CVT-313 is a potent CDK2 inhibitor, which was identified from a
purine analog library with an IC50 of 0.5 microM in vitro. Inhibition was competitive with respect to
ATP (Ki = 95 nM), and selective
CVT-313 had no effect on other, nonrelated
ATP-dependent
serine/threonine kinases. When added to CDK1 or CDK4, a 8.5- and 430-fold higher concentration of
CVT-313 was required for half-maximal inhibition of the
enzyme activity. In cells exposed to
CVT-313, hyperphosphorylation of the retinoblastoma gene product was inhibited, and progression through the cell cycle was arrested at the G1/S boundary.
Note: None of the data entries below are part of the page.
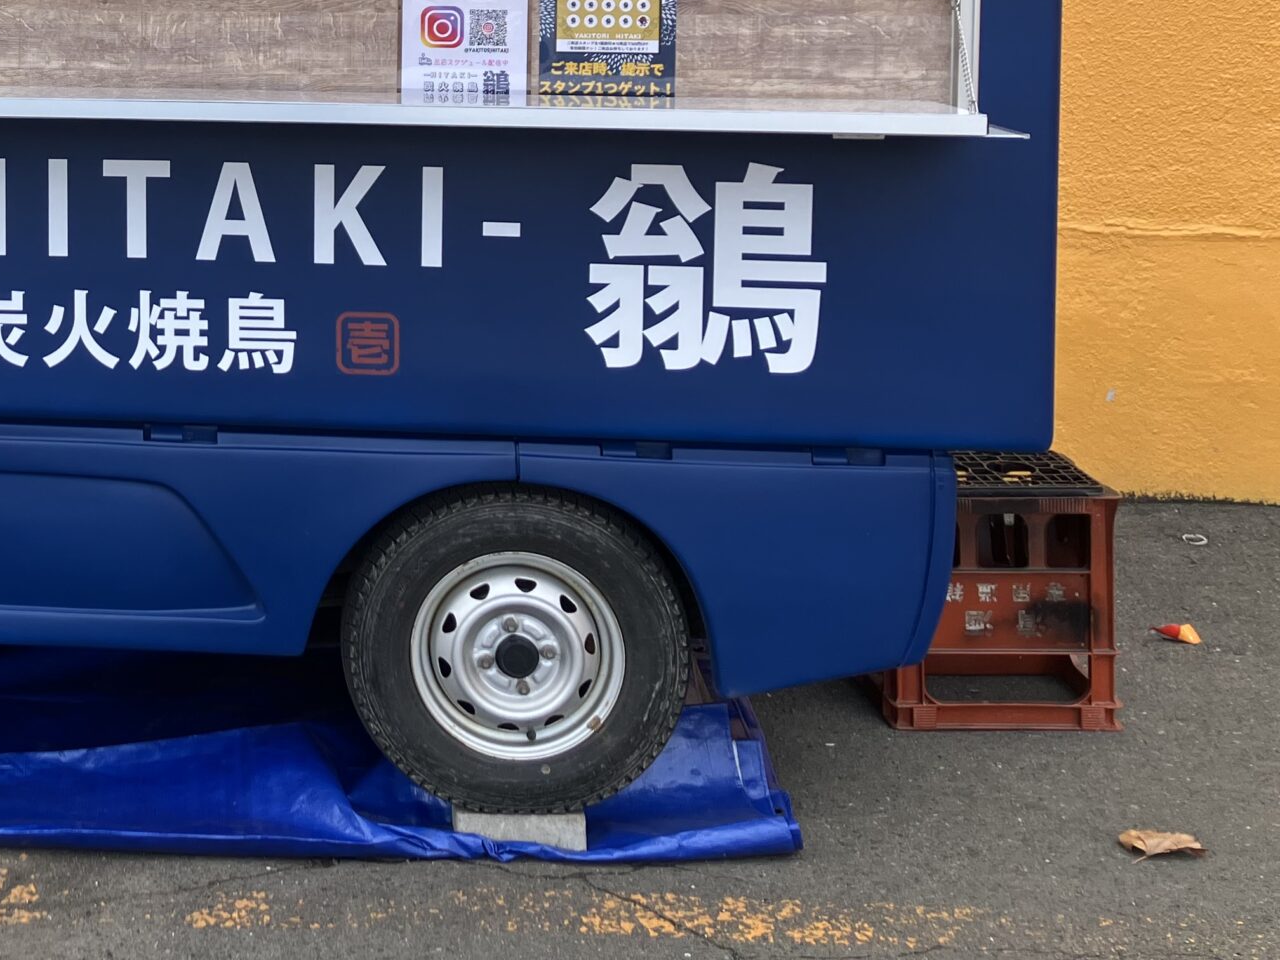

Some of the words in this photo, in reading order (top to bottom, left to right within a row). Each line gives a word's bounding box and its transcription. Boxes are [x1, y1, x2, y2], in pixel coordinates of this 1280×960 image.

[550, 62, 664, 76] ご来店時、提示で
[539, 81, 671, 95] スタンプ1つゲット！
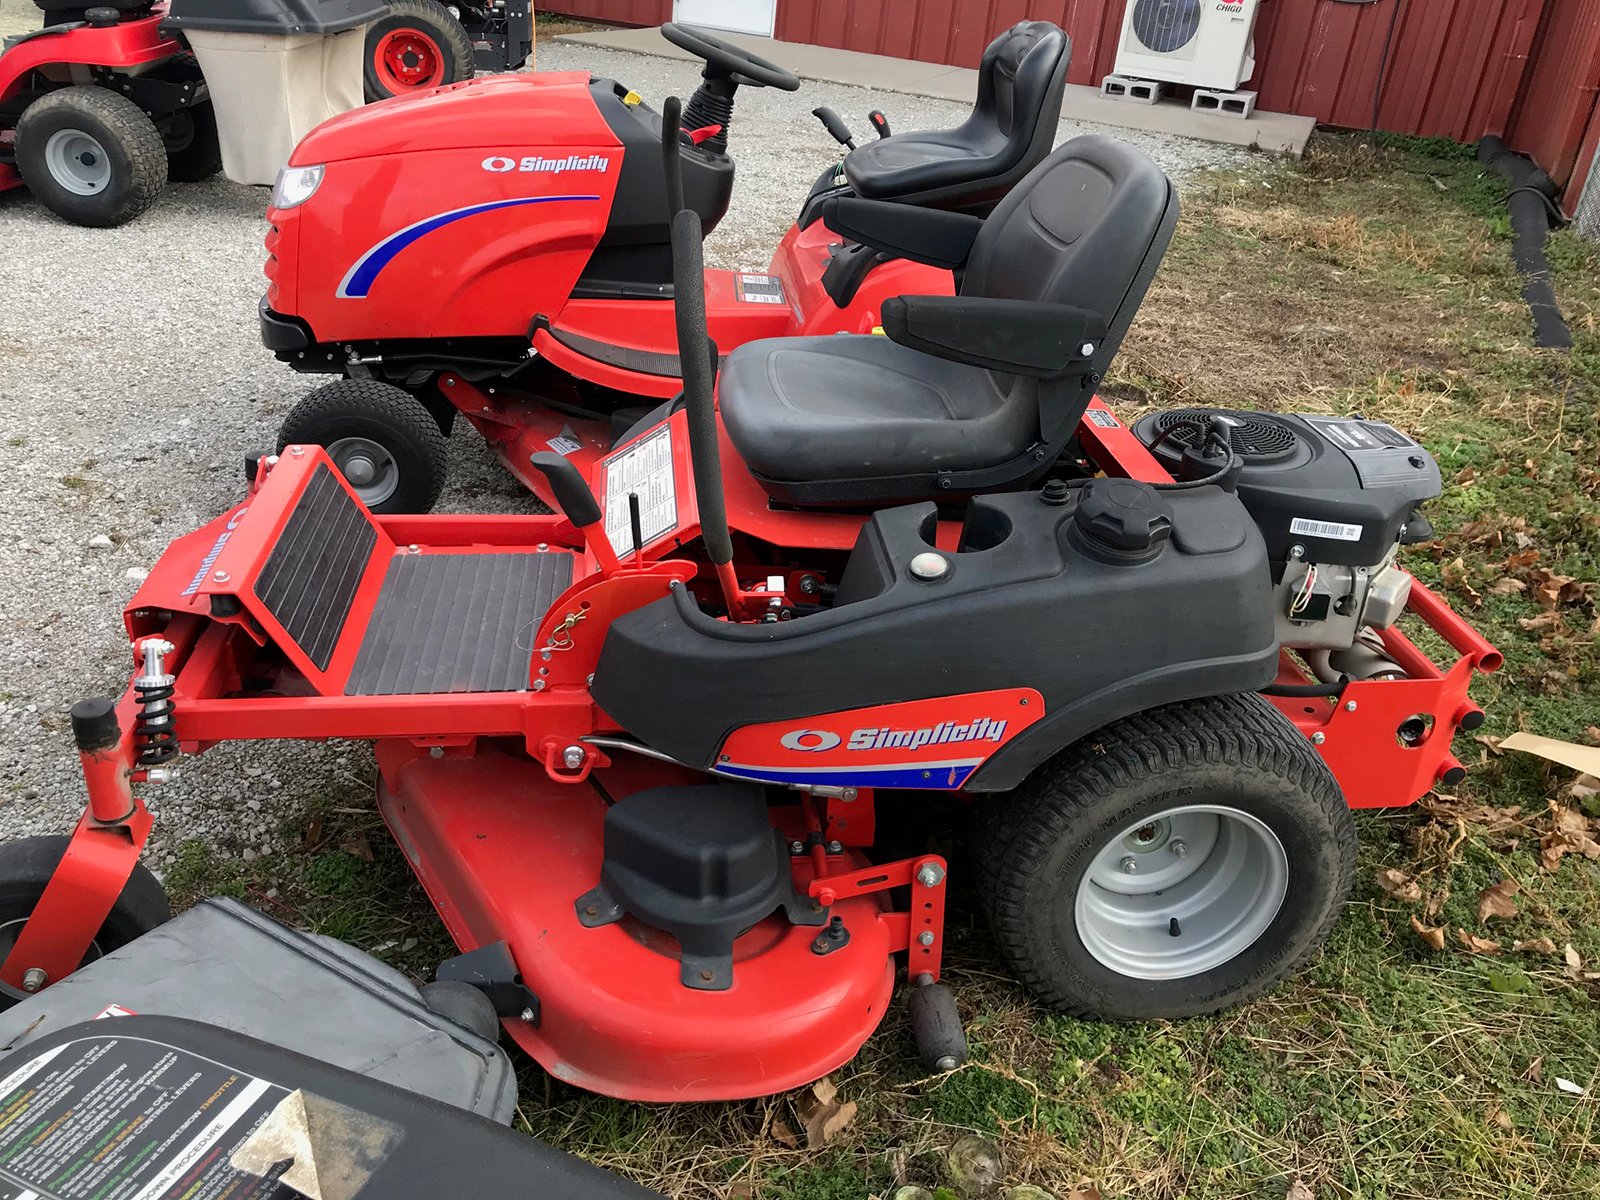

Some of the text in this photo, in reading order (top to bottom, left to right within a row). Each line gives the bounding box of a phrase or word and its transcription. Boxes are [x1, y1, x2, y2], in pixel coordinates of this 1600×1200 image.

[1216, 4, 1242, 13] CHIGO
[518, 155, 609, 173] Simplicity
[847, 717, 1008, 751] Simplicity
[84, 1045, 99, 1059] OFF
[16, 1096, 48, 1123] MOTION
[49, 1063, 87, 1096] CONTROL
[86, 1038, 117, 1066] LEVERS
[54, 1130, 84, 1158] CHOKE
[83, 1107, 109, 1132] DOWN
[109, 1091, 128, 1109] once
[128, 1070, 153, 1092] engine
[152, 1051, 173, 1069] starts
[69, 1118, 108, 1155] SECONDS
[108, 1108, 120, 1119] for
[120, 1085, 146, 1109] engine
[144, 1056, 178, 1086] WARMUP
[31, 1109, 74, 1146] THROTTLE
[33, 1128, 63, 1156] CHOKE
[62, 1118, 74, 1130] UP
[74, 1108, 86, 1119] for
[86, 1093, 103, 1109] cold
[43, 1123, 80, 1157] IGNITION
[79, 1109, 97, 1125] KEY
[105, 1078, 130, 1102] START
[83, 1164, 103, 1181] both
[101, 1134, 136, 1164] MOTION
[133, 1099, 174, 1134] CONTROL
[170, 1071, 202, 1099] LEVERS
[92, 1140, 117, 1162] PARK
[114, 1114, 145, 1142] BRAKE
[152, 1091, 169, 1106] OFF
[94, 1118, 129, 1149] operate
[132, 1160, 151, 1177] mow
[199, 1073, 237, 1111] THROTTLE
[85, 1153, 128, 1190] NEUTRAL
[119, 1139, 159, 1174] machine
[170, 1121, 224, 1175] PROCEDURE
[203, 1155, 227, 1180] switch
[226, 1134, 247, 1156] down
[246, 1126, 255, 1136] to
[254, 1110, 270, 1127] OFF
[259, 1179, 269, 1190] to
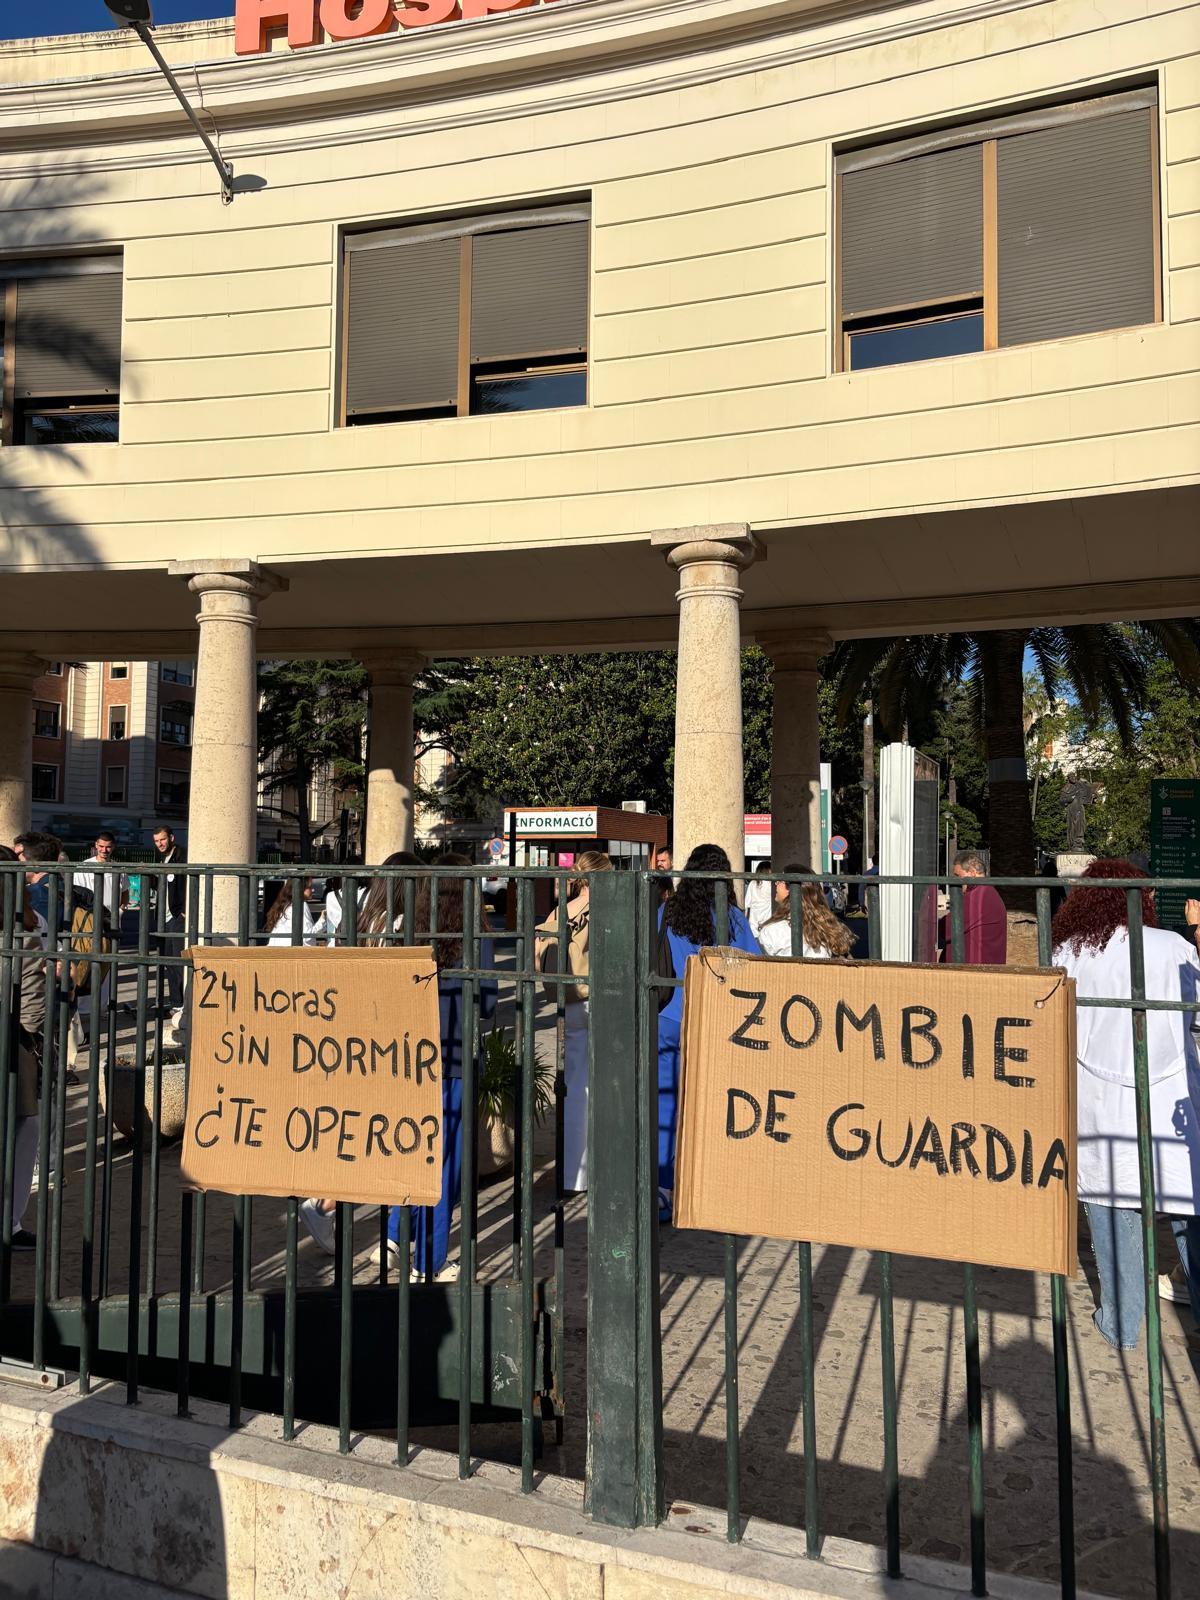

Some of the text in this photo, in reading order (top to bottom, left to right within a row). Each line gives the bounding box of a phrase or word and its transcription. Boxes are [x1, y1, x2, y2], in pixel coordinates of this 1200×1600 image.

[515, 814, 594, 828] INFORMACIÓ
[199, 970, 338, 1021] 24 horas
[729, 988, 1036, 1088] ZOMBIE
[194, 1083, 440, 1163] ¿TE OPERO?
[726, 1088, 1068, 1191] DE GUARDIA
The growth of mouse, rat, and human cells in culture was also inhibited by
CVT-313 with the IC50 for growth arrest ranging from 1.25 to 20 microM. To evaluate the effects of
CVT-313 in vivo, we tested this agent in a rat carotid artery model of restenosis. A brief intraluminal exposure of
CVT-313 to a denuded rat carotid artery resulted in more than 80% inhibition of
neointima formation. These observations suggest that
CVT-313 is a promising candidate for evaluation in other disease models related to aberrant cell proliferation.